Task details:
Set the records down again, exactly, without their images.

(Free-text object descriptions)
+ + + + +

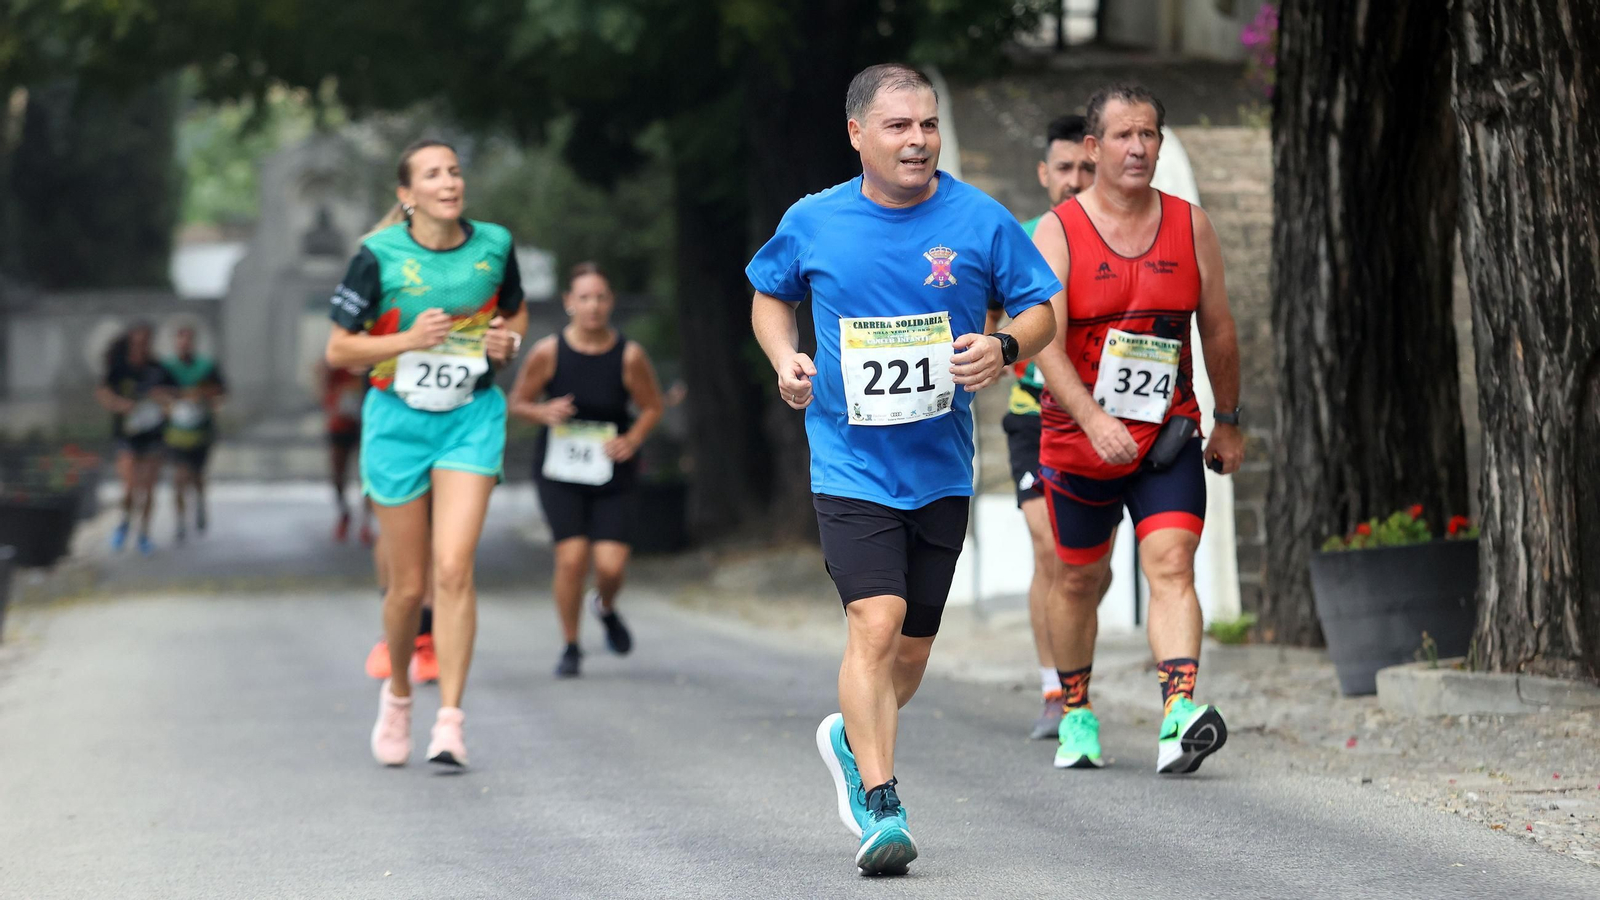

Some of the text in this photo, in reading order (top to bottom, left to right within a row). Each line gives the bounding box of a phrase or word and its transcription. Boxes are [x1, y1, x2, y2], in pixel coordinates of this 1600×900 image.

[853, 316, 943, 329] CARRERA SOLIDARIA
[416, 363, 470, 388] 262
[863, 357, 935, 395] 221
[1114, 367, 1170, 399] 324

+ + + + +

Task result:
Some of the text in this photo, in reading order (top to bottom, left to right within a row). Each line gives the bounding box of a phrase or word and its transcription. Boxes are [x1, y1, x2, y2], in pixel coordinates of this 1600×900 image.

[853, 316, 943, 329] CARRERA SOLIDARIA
[416, 363, 470, 388] 262
[863, 357, 935, 395] 221
[1114, 367, 1170, 399] 324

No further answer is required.